Supreme Judicial Court of Massachusetts, Essex

October 4, 2017


          Heard: May 4, 2017.

         Indictments found and returned in the Superior Court Department on March 27, 2009. Motions for summonses for the production of records were heard by Timothy Q. Feeley, J., and the cases were tried before him.

         The Supreme Judicial Court granted an application for direct appellate review.

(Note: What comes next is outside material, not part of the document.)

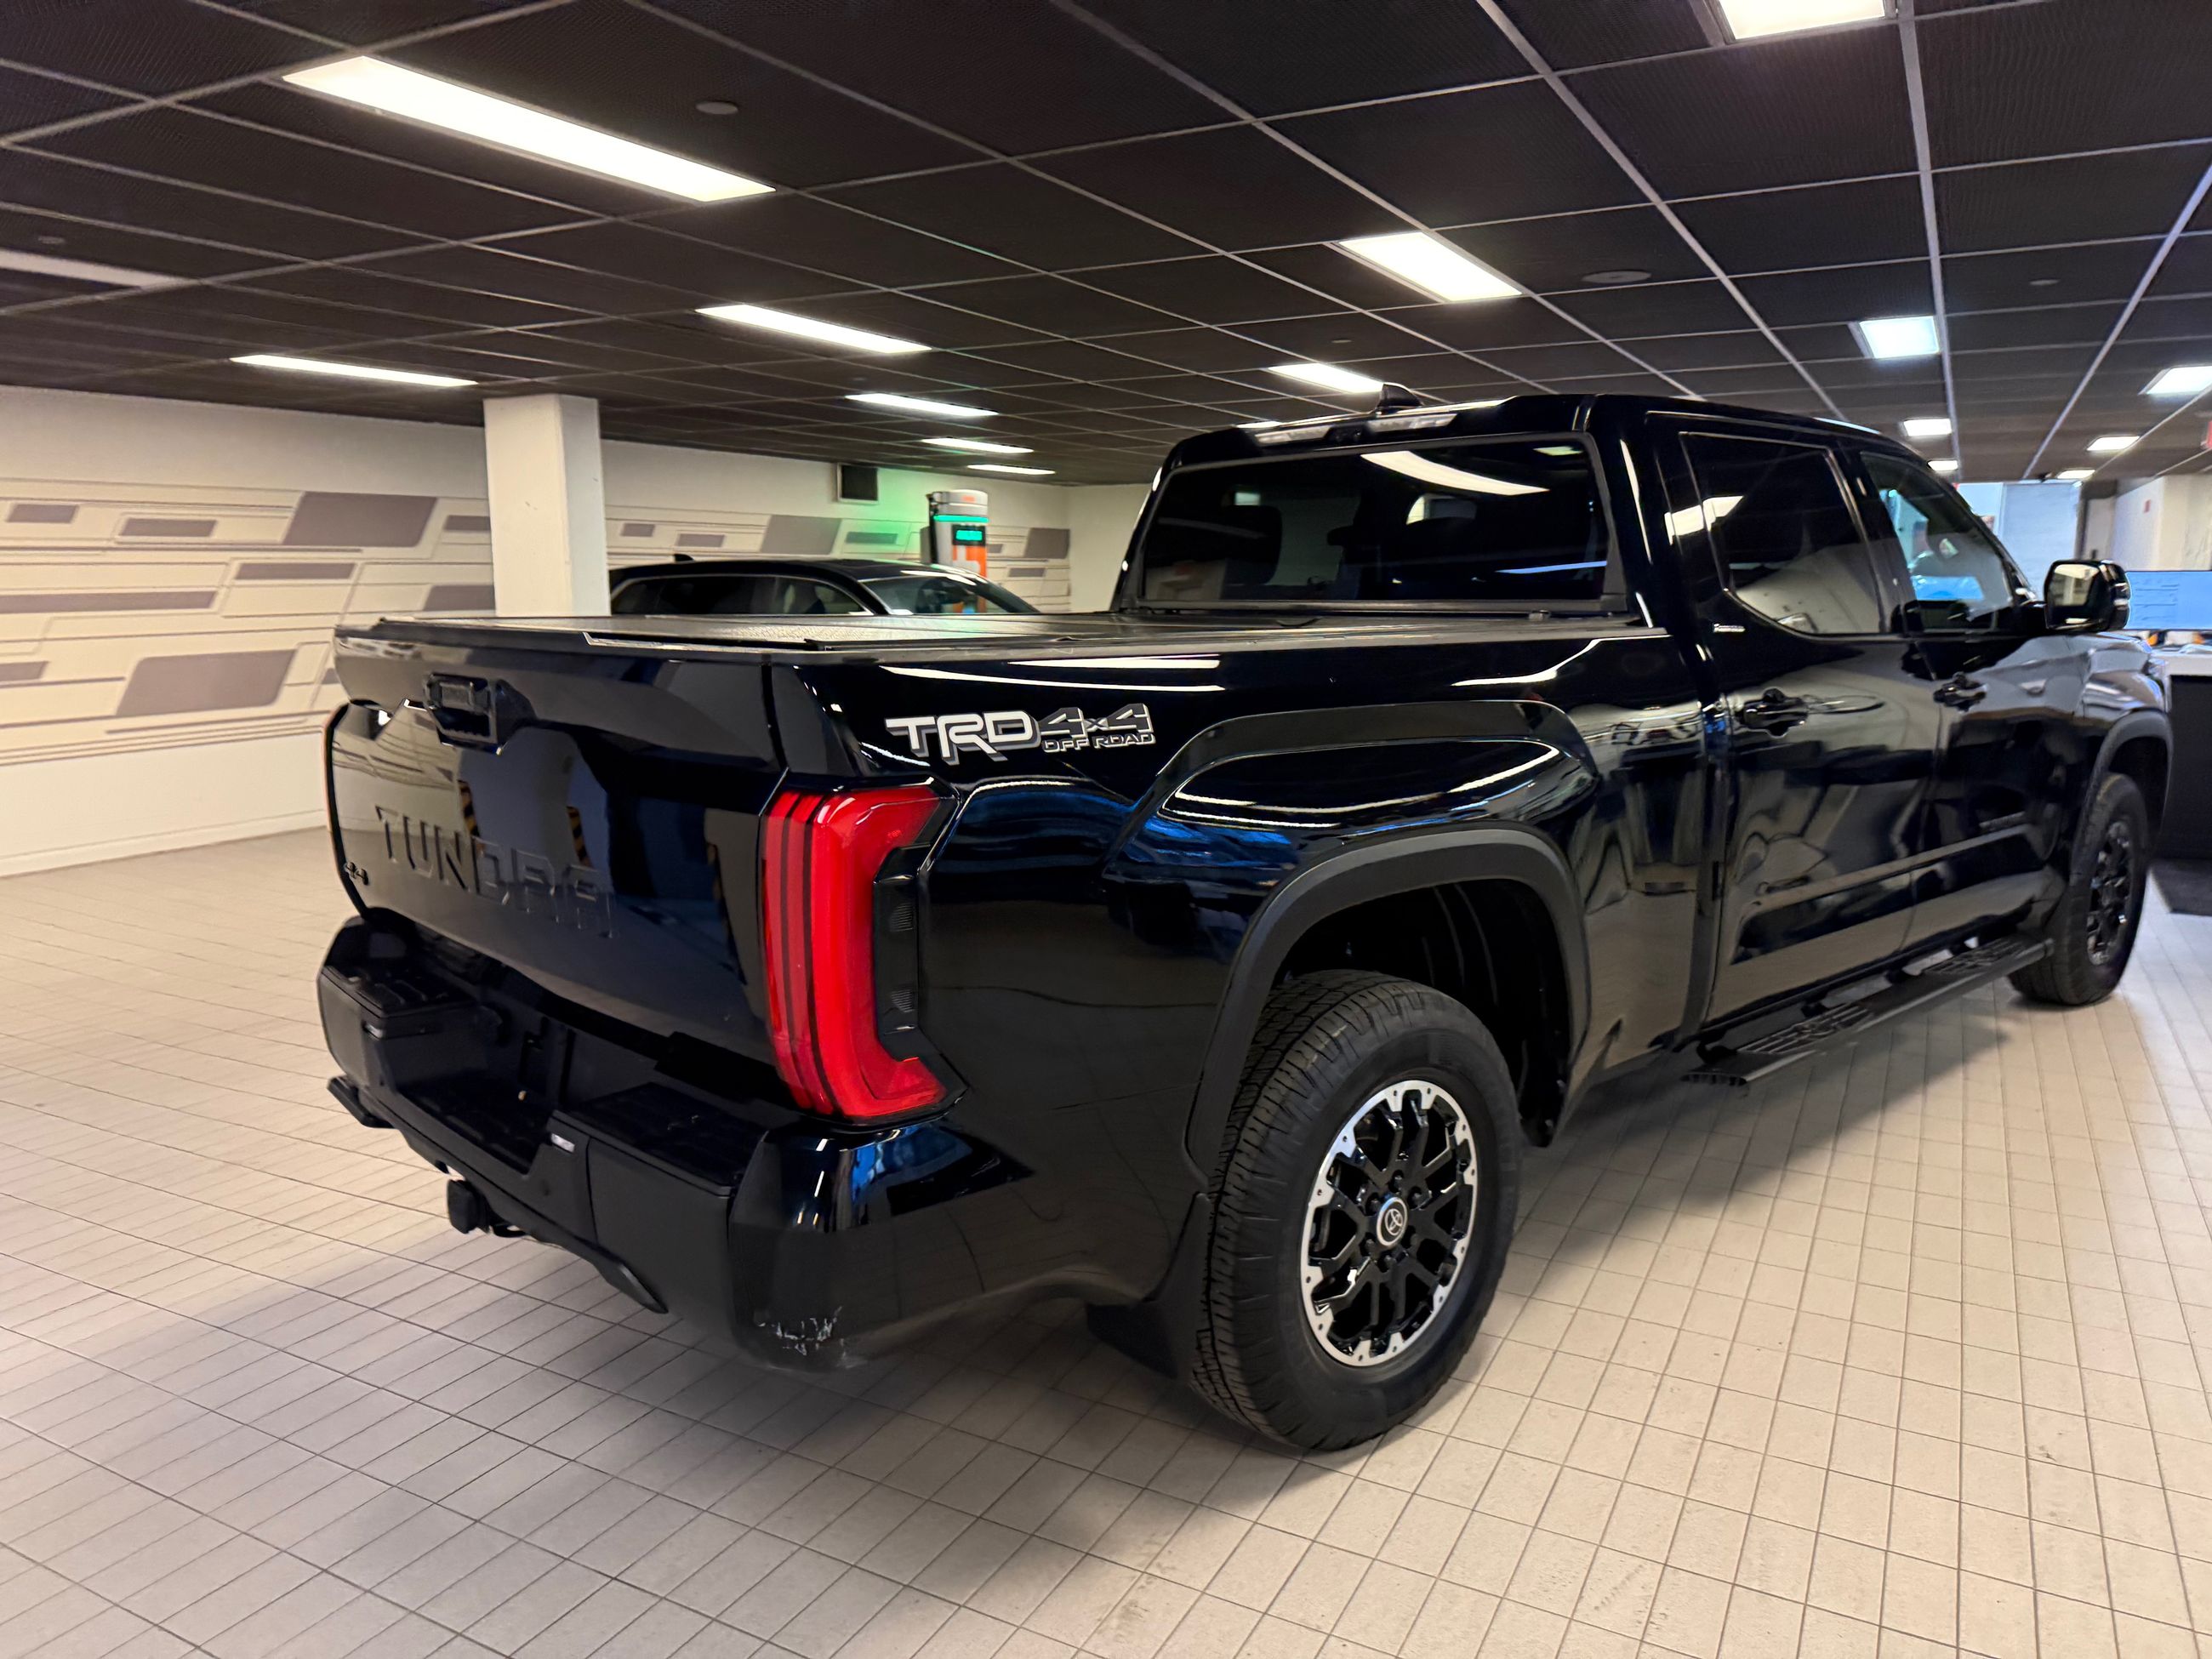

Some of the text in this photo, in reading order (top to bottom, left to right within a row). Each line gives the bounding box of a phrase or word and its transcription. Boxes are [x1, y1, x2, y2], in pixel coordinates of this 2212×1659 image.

[884, 710, 1041, 766] TRD
[1041, 732, 1156, 753] OFF ROAD
[374, 805, 613, 938] TUNDRA
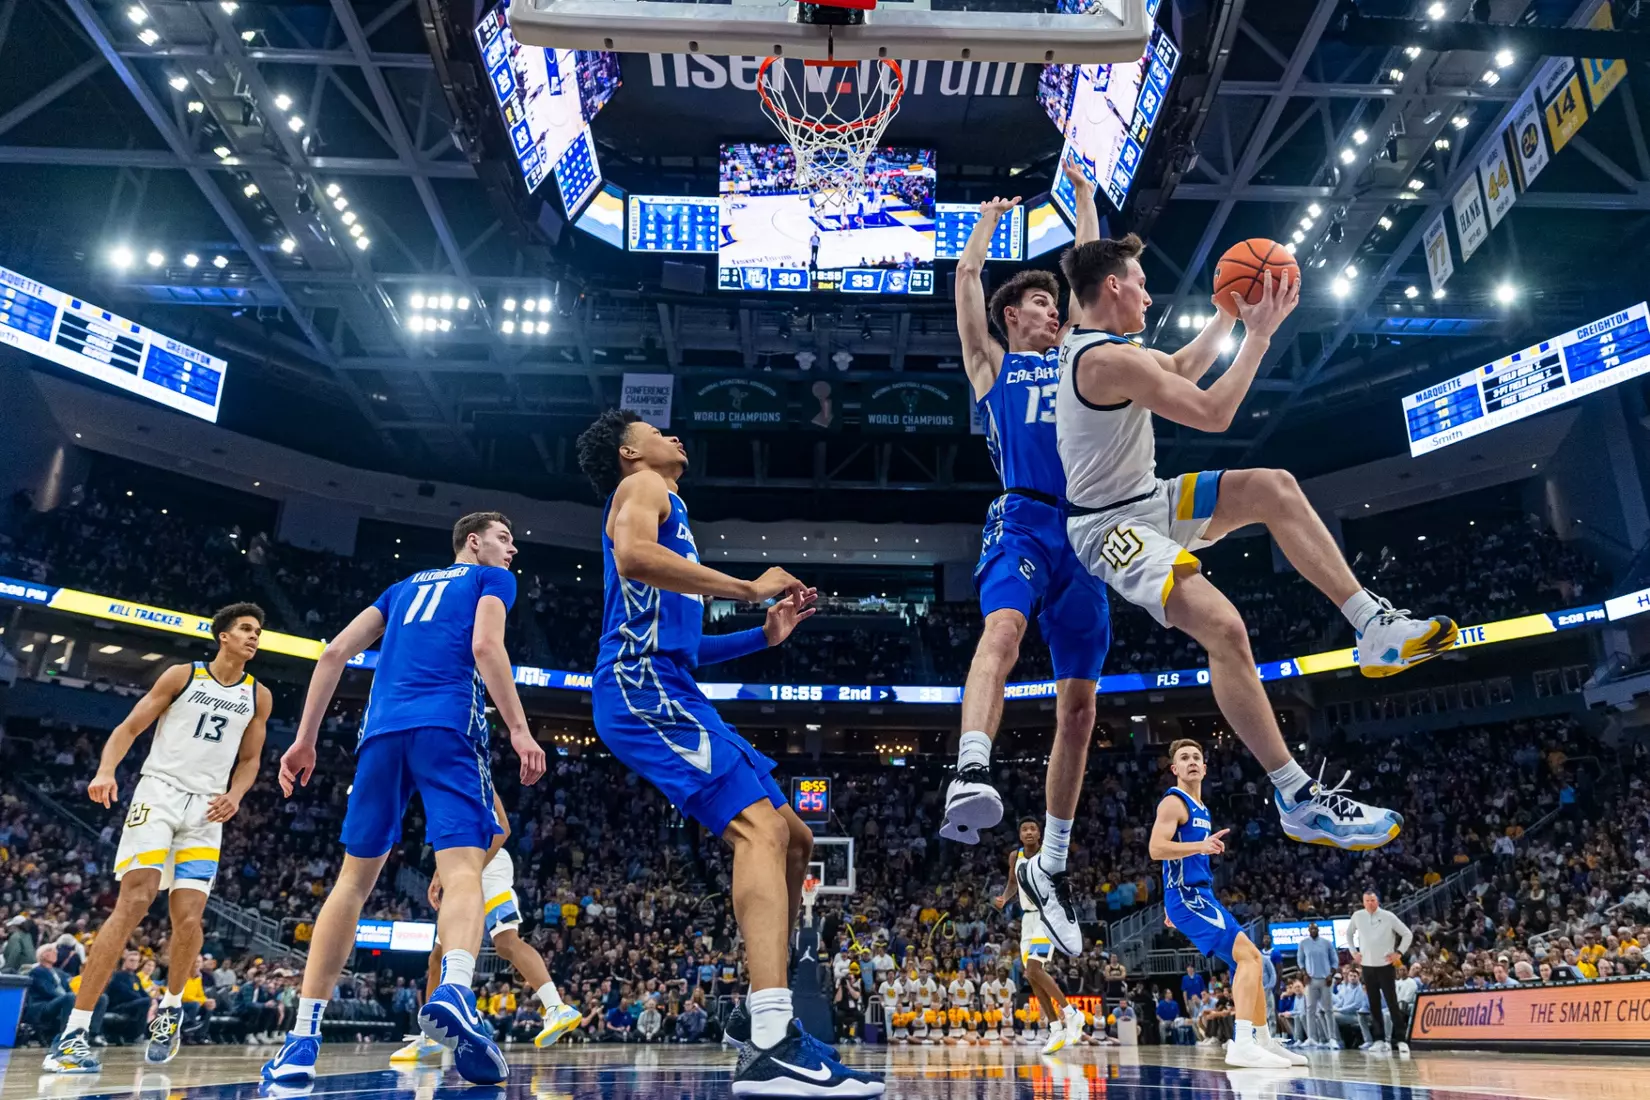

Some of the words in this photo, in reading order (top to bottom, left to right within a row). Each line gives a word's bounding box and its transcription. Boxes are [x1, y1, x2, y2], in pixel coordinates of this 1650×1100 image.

          Nancy A. Dolberg, Committee for Public Counsel Services, for the defendant.

          David F. O'Sullivan, Assistant District Attorney (Kimberly Faitella, Assistant District Attorney, also present) for the Commonwealth.

          Meagen K. Monahan, Anthony D. Mirenda, Madeleine K. Rodriguez, Jeremy W. Meisinger, Stacy A. Malone, & Lindy L. Aldrich, for Victim Rights Center & others, amici curiae, submitted a brief.

          Present: Gants, C.J., Lenk, Hines, Gaziano, Lowy, Budd, & Cypher, JJ. [1]

          LOWY, J.

         The defendant appeals from his convictions stemming from his sexual abuse of his two daughters. He argues that (1) a Superior Court judge abused his discretion by refusing to issue summonses pursuant to Mass. R. Crim. P. 17 (a) (2), 378 Mass. 885 (1979), regarding the release of the mental health and counselling records of the younger of the daughters, Diane;[2] and (2) the judge's restriction of the defendant's cross-examination of Diane was an abuse of discretion. We affirm the convictions.[3]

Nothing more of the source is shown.